It would be recollected that this fund would remain to be distributed when they were cold and lifeless beneath the clods of the valley. Long after parties and party strifes had ceased to exist, this vast fund would continue; then let them throw aside all their predilections, and come up to the measure which would improve the country in so many ways, and suppress all this excitement caused by not distributing that which justly belonged to the people.

When Mr. CLAY had concluded,
The Senate adjourned.

WEDNESDAY, APRIL 27. NAVY BILL.

On motion of Mr. SOUTHARD, the Senate proceeded to consider the bill making appropriations for the naval service.

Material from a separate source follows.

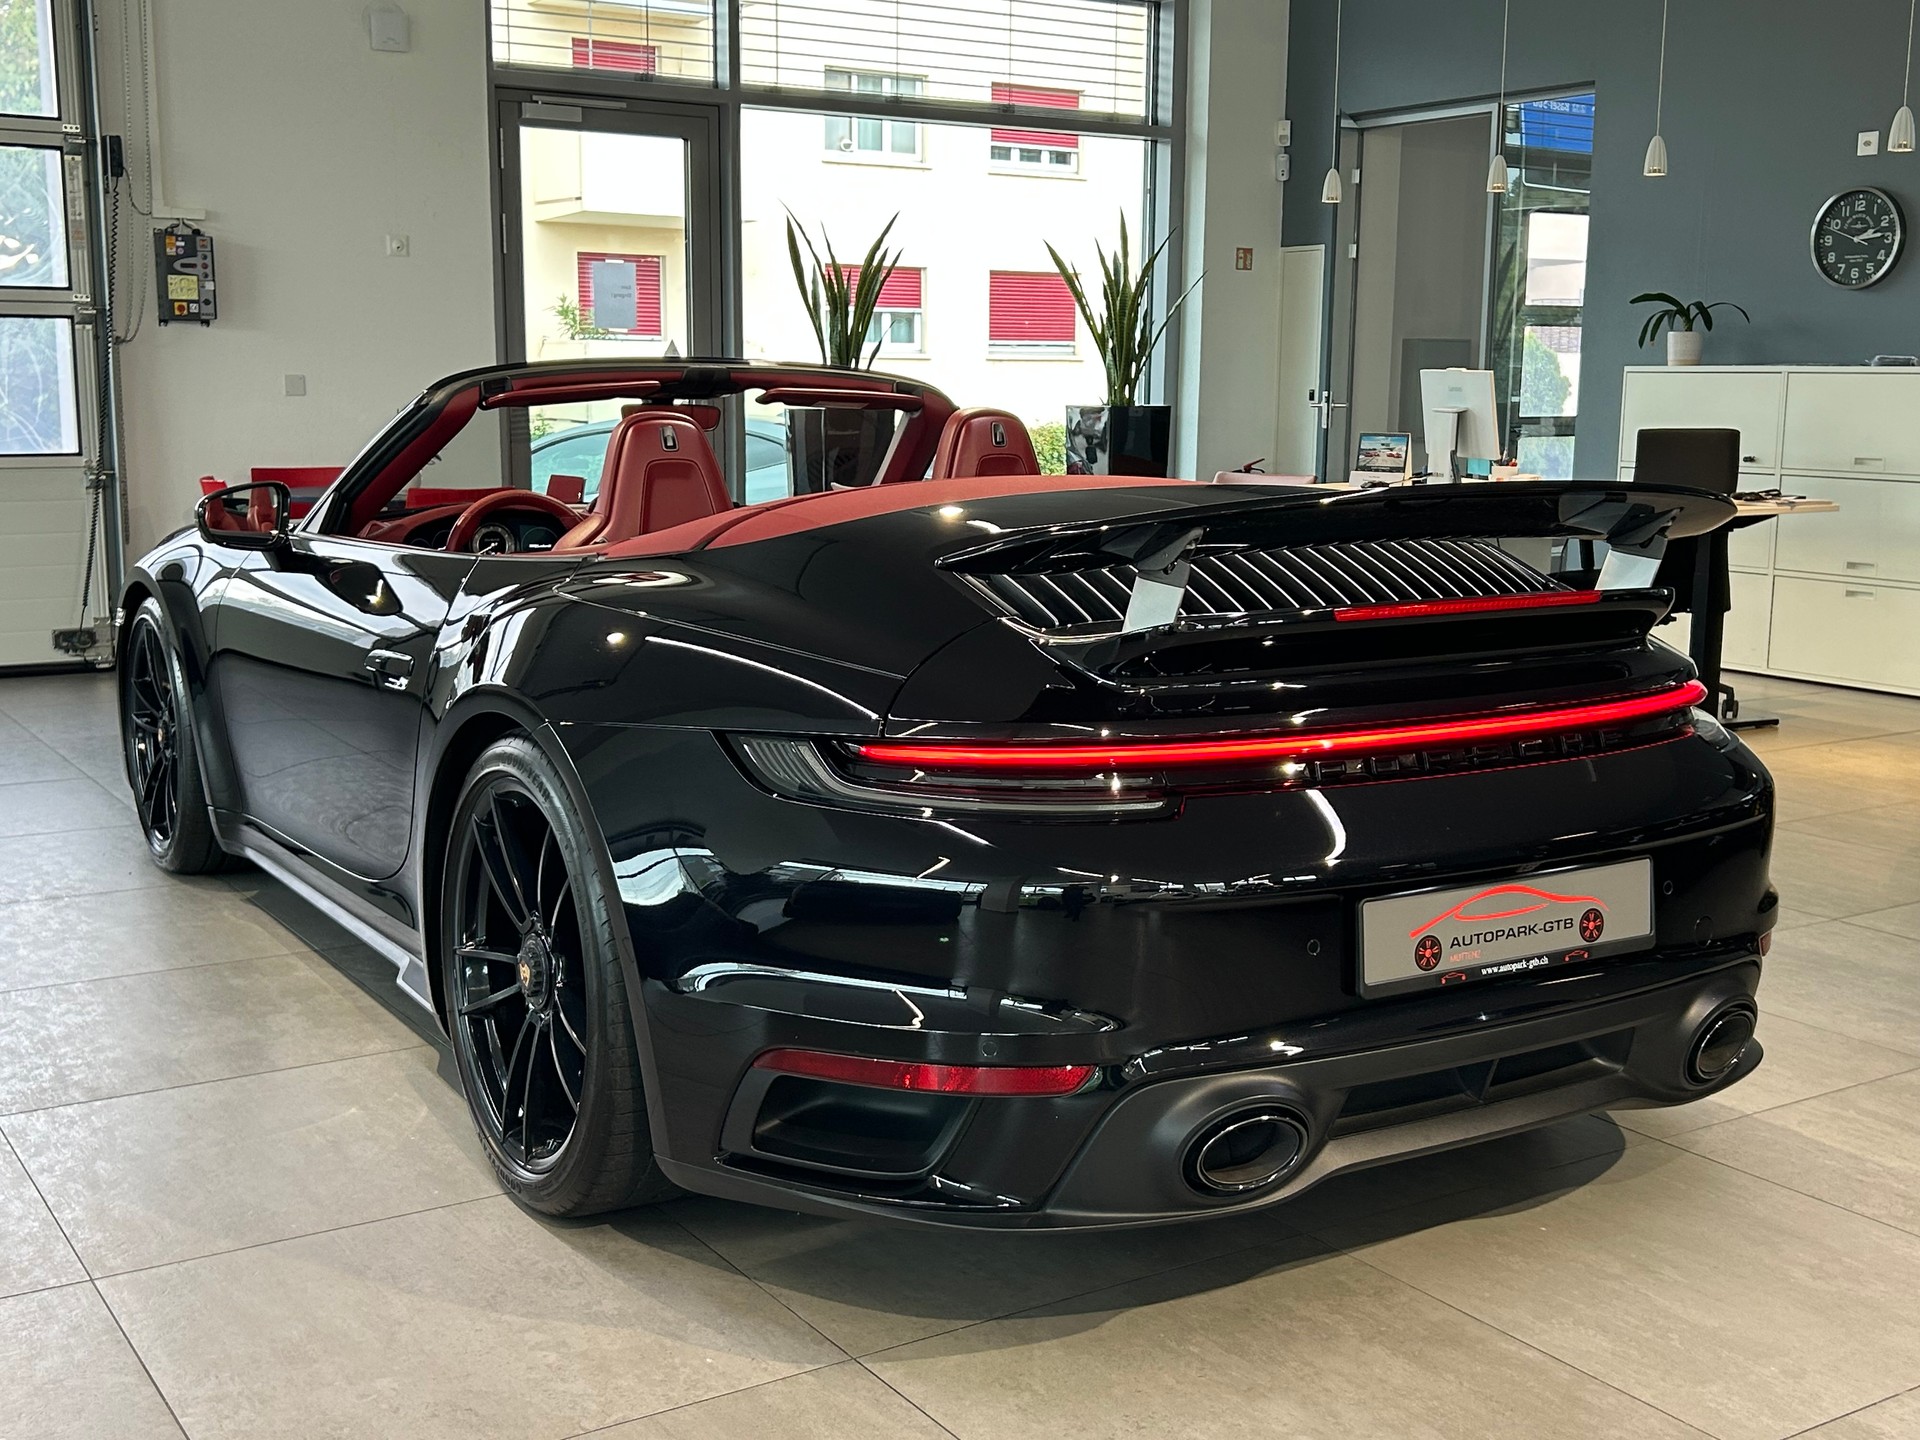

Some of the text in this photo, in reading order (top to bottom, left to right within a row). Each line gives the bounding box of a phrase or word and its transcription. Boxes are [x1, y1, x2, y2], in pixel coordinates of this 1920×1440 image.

The question was taken on the amendments proposed by the Naval Committee, and the question on the first seven amendments; which were agreed to.

The question being on the eighth amendment, viz: to insert: "For the purchase of sites, and the erection of barracks, near the navy yards at Charlestown, Brooklyn, Gosport, and Pensacola, $200,000.”

After a brief explanation from Mr. SOUTHARD, this amendment was agreed to.

The following amendments, reported by the committee, were also agreed to:

For building a dry dock at Brooklyn, $180,000; "For completing the steam vessel now building at the navy yard at Brooklyn, $150,000;

For navy hospitals, $45,410;

"For completing the powder magazines near New York and Boston, with the landings, enclosures, and dependencies, $19,200.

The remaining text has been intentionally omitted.